Share your dilemmas and get honest opinions from other Mumsnetters.

to expect the man to pay?

131 replies

ErmExcuseMe · 28/04/2008 17:12

I have recently started seeing a wonderful man. He has asked me if I would like to go away for a weekend with him. A wonderful idea, as it means we can spend some time getting to know each other away from children etc... Except, I think he wants me to pay for the hotel - surely that is not right

OP posts:
Chequers · 28/04/2008 17:33

Message withdrawn

ErmExcuseMe · 28/04/2008 17:33

DaddyJ, we are definitely still in the 'courtship' stage, its only a month in.

OP posts:
needahand · 28/04/2008 17:34

Hi Chequers!

Excuseme I would really not be comfortable with this. It was his suggestion. He decided on a hotel without really checking if you can afford it (and the question of whether you can or not is irrelevant, he should have checked). I think it would be slighlty unreasonable to then present you with the bill (unless you can contribute whatever you can afford). In any events I just don't think it is very thoughtful.

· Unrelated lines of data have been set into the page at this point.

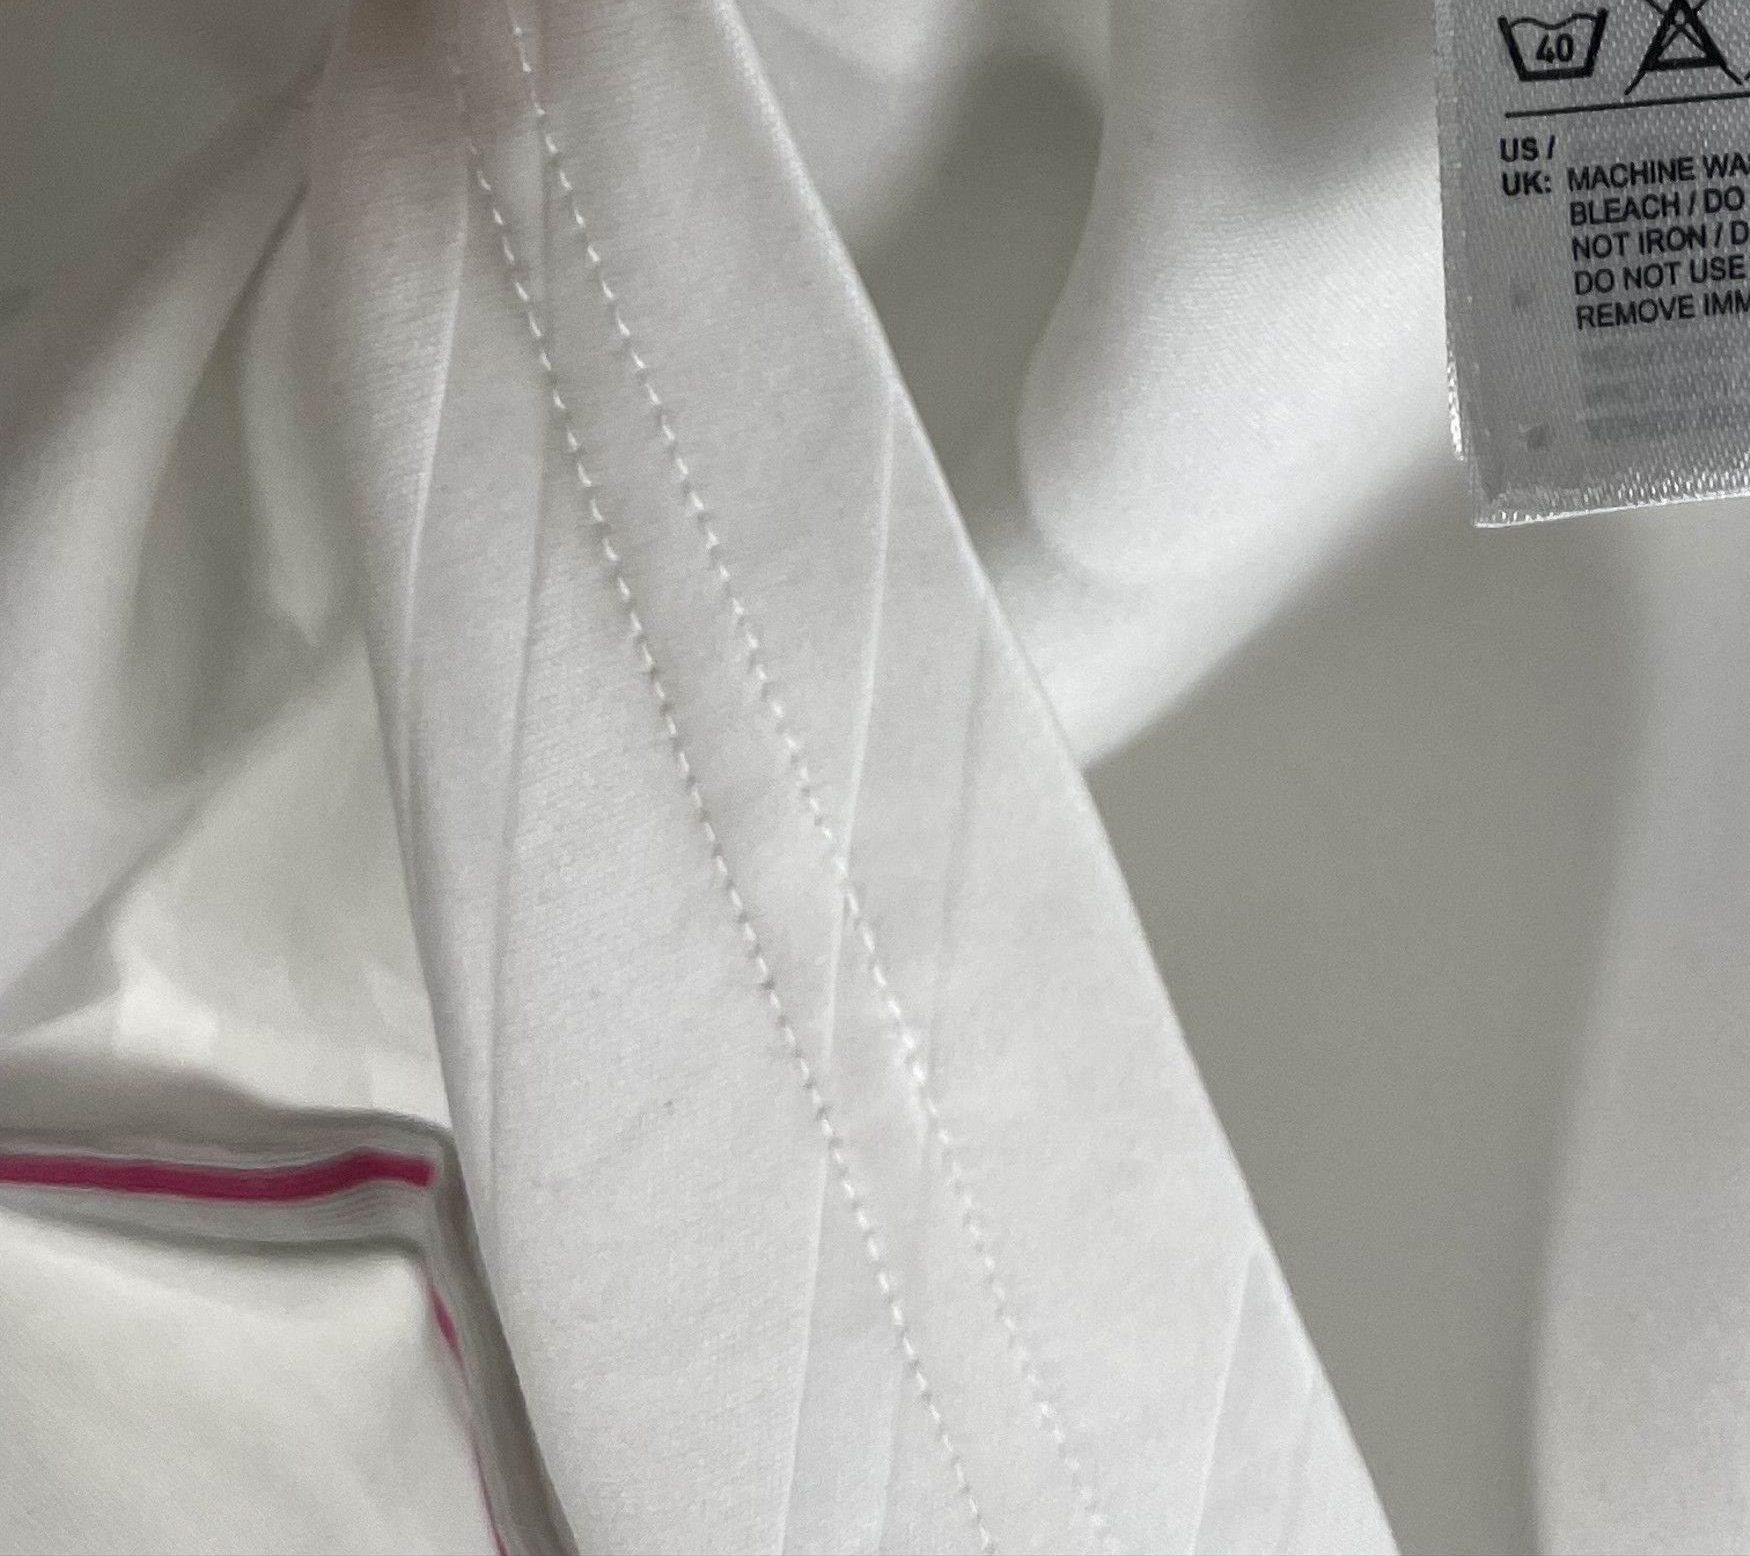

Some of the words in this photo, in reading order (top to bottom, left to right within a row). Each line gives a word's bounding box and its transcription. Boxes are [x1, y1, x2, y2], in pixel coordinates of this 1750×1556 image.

[1536, 33, 1573, 63] 40
[1500, 137, 1539, 162] US
[1548, 135, 1555, 158] /
[1502, 170, 1551, 196] UK:
[1568, 157, 1696, 191] MACHINE
[1570, 192, 1680, 226] BLEACH
[1688, 191, 1696, 216] /
[1704, 186, 1745, 213] DO
[1572, 232, 1630, 261] NOT
[1639, 223, 1706, 255] IRON
[1715, 222, 1723, 247] /
[1575, 269, 1614, 294] DO
[1623, 262, 1681, 290] NOT
[1690, 254, 1745, 283] USE
[1576, 294, 1695, 330] REMOVE

If he can afford it and just won't I would be supra wary

I don't think the issue is whether you have to pay something or not as you probably would anyway or offer. I really think it depends on how it is presented to you.

pagwatch · 28/04/2008 17:34

Only a month !
well as a prep school mum I have to say ....floosie !

FreddysTeddy · 28/04/2008 17:34

Is "getting to know each other away from children etc" a euphemism for first time sex?

Sorry, I'm not part of the prep-school set so don't know.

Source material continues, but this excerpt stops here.